*DESCRIPTION OF THE TASK*: Repeat the records exactly, with one exception: no images.
----------------------------------------
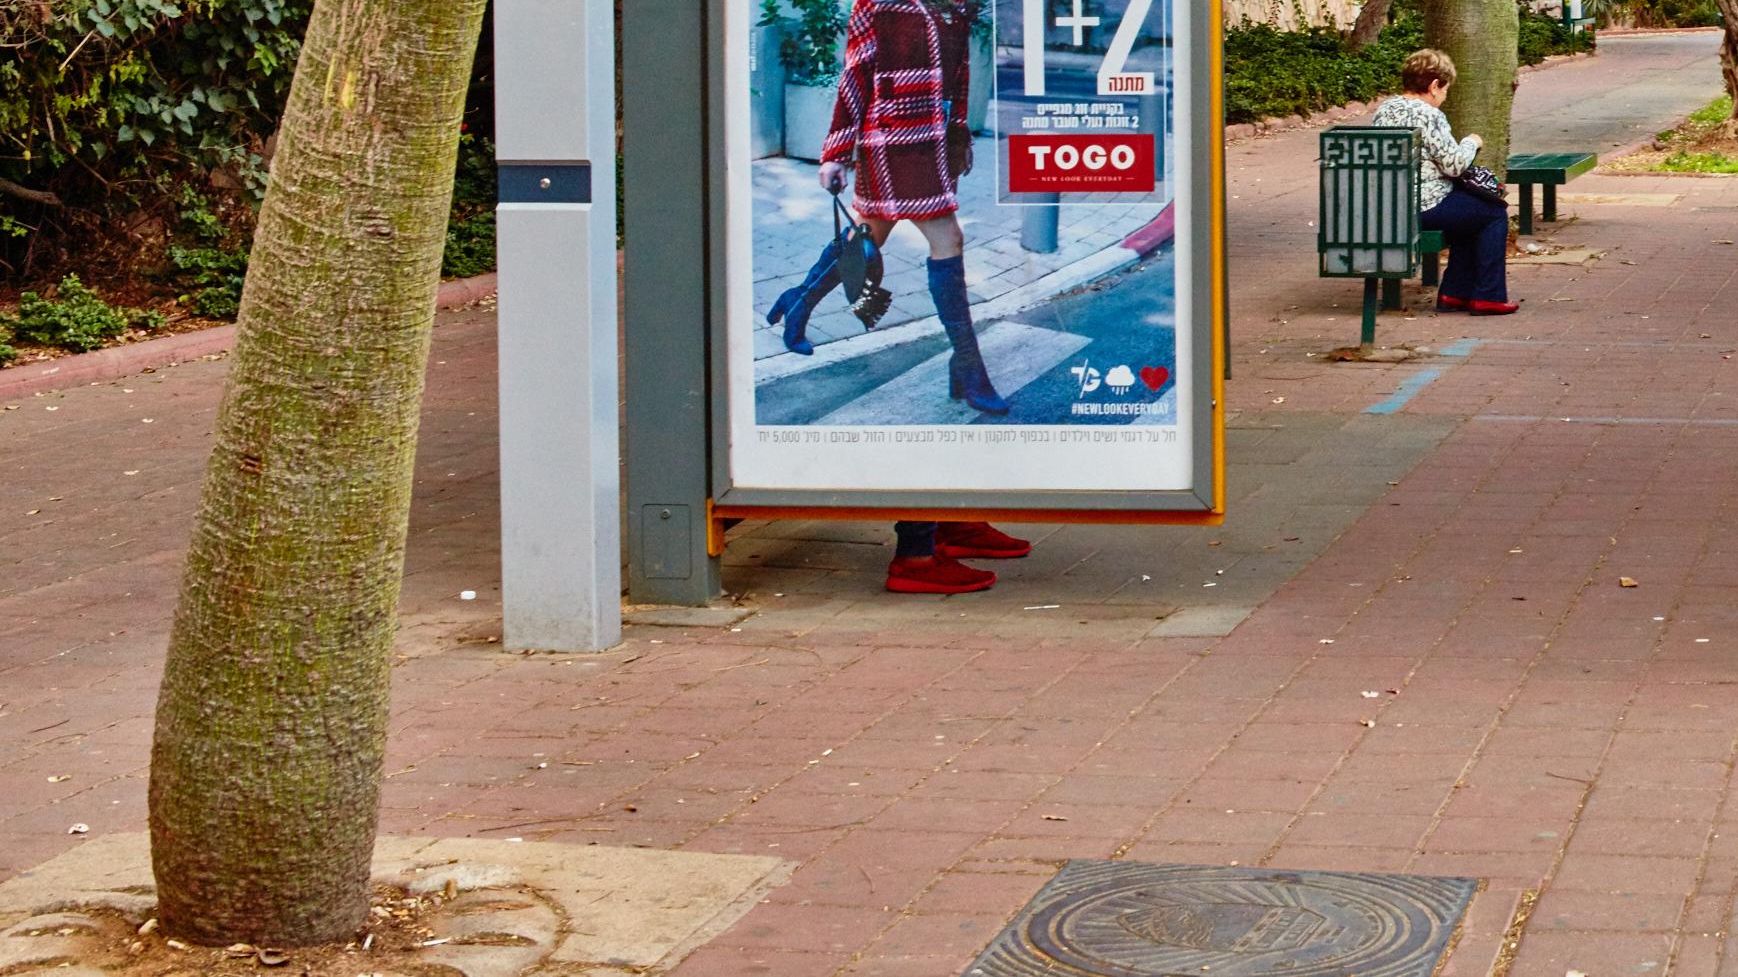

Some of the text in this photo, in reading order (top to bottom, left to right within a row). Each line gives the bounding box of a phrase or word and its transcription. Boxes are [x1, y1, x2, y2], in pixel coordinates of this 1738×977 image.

[1108, 77, 1144, 92] מתנה
[1027, 144, 1135, 170] TOGO
[1071, 402, 1170, 416] #NEWLOOKEVERYDAY
[773, 430, 800, 444] 5,000
----------------------------------------
*EXERCISE SOLUTION*:
Some of the text in this photo, in reading order (top to bottom, left to right within a row). Each line gives the bounding box of a phrase or word and its transcription. Boxes are [x1, y1, x2, y2], in pixel coordinates of this 1738×977 image.

[1108, 77, 1144, 92] מתנה
[1027, 144, 1135, 170] TOGO
[1071, 402, 1170, 416] #NEWLOOKEVERYDAY
[773, 430, 800, 444] 5,000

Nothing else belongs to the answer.